After days of confusion, officials finally read the full terms of the US-Iran memorandum of understanding to reporters. The details are big, complicated, and already controversial.
For days after President Trump announced a deal with Iran, nobody outside a tight circle of senior officials knew exactly what was in it. That changed Wednesday. The administration laid out the full terms, and Trump signed the document over dinner at the Palace of Versailles with French President Emmanuel Macron. Iran’s President Masoud Pezeshkian signed separately. He posted a photo of himself holding the document up and called it “a historic document and a message from a strong Iran.”
So what’s actually in this thing?

The Strait of Hormuz Gets Unlocked
The most immediate piece is the reopening of the Strait of Hormuz. Roughly 20% of the world’s oil once flowed through this narrow chokepoint. Iran seized control of it during the war, and the economic damage hit hard. Under the new agreement, Iran commits to making its “best efforts” to allow safe passage of commercial vessels between the Persian Gulf and the Sea of Oman. No tolls for the first 60 days.
Demining will take up to 30 days, but commercial ships start moving immediately. After that initial period, Iran enters negotiations with Oman to sort out long-term administration of the strait, consulting other Persian Gulf coastal states along the way.
US officials pushed back on fears that Iran could eventually start charging ships to pass through. Their argument: the Gulf states will never accept a toll arrangement, and their buy-in is essential to any permanent deal. Time will tell.
$300 Billion for Reconstruction — But Not From the US
The memorandum includes a commitment of at least $300 billion toward Iran’s reconstruction and economic development. That number raised eyebrows fast. Trump moved quickly to clarify at his G7 press conference: America is not writing that check.
What the agreement actually says is that Washington will work with “regional partners” to develop a reconstruction plan of that size. Officials broke down the mechanics simply if Iran complies with the final deal, the US lifts sanctions in a way that lets, say, the UAE build a power plant in Iran. Foreign investment flows in. American taxpayer dollars do not. The fund’s structure stays unresolved until the 60-day negotiation window closes.

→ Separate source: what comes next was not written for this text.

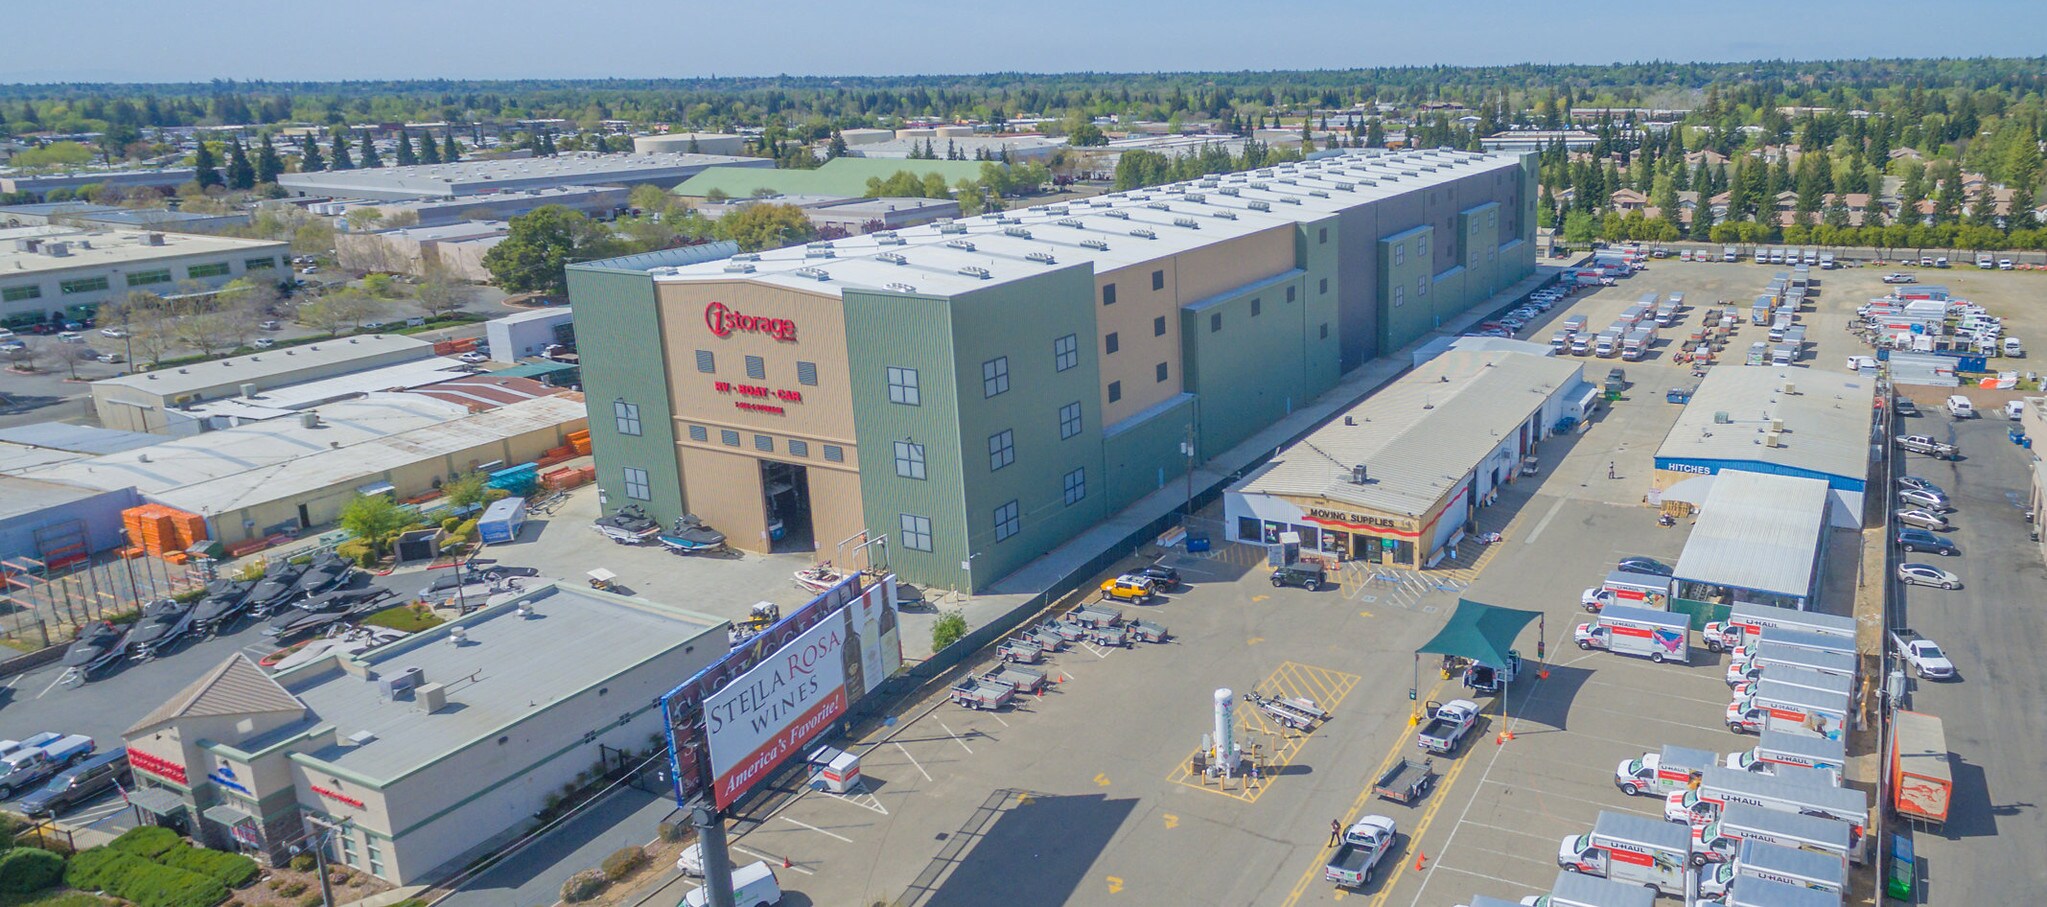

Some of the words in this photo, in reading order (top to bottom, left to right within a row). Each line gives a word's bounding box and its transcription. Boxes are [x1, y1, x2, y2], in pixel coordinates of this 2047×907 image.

Iran also gets other economic relief. The US immediately issues waivers letting Iran export crude oil, petroleum products, and related financial services. Iran’s frozen foreign assets also become available, though both sides still need to hammer out the release procedures.
No Nukes But the Hard Part Comes Later
Iran reaffirms in the agreement that it will not build or acquire nuclear weapons. That part is straightforward. Everything after it gets complicated fast.
Iran holds hundreds of pounds of uranium enriched to 60%. The administration calls this the floor of future nuclear talks, not the ceiling. Officials labeled Iran’s commitment here “a major, major win for the United States.” One analyst pushed back, describing Tehran’s move to keep the nuclear file separate from immediate ceasefire terms as “quite skillful” it hands Iran leverage going into the next phase.
Trump told reporters that cameras will cover every inch of the enrichment facilities in the meantime. “If they do anything, we’ll hit them with Patriots,” he said.
What the War Cost
The conflict started February 28 with joint US-Israeli strikes on Iran. It ran 111 days. At least 2,211 people died, including 14 American troops. The closed strait rattled global energy markets for months.
The interim agreement calls for an “immediate and permanent termination of military operations.” It starts a 60-day clock toward a more substantive final deal, which both sides can extend by mutual consent.
Lebanon, Israel, and What’s Still Unresolved
Lebanon appears three times in the agreement’s opening lines. The deal calls on Israel to end its war there as part of the broader ceasefire. It also affirms Lebanon’s territorial integrity. How that actually plays out with so many factions involved nobody knows yet.
Reactions split quickly. Macron called the deal “excellent.” Some American lawmakers disagreed sharply. At least one senator said the outcome was worse than the 2015 Obama nuclear agreement. Analysts at Syracuse University pointed out that the deal hands Iran significant economic relief while leaving major questions unanswered about what the past four months of fighting actually accomplished.
Trump framed it as the only realistic path forward. “If we didn’t do this deal, we could have dropped more bombs for another three weeks, two weeks, four weeks, two years,” he said. “And the strait would never have reopened.”
Whether the next 60 days produce a permanent deal or fall apart depends on trust. By most accounts, both sides are running very low on it.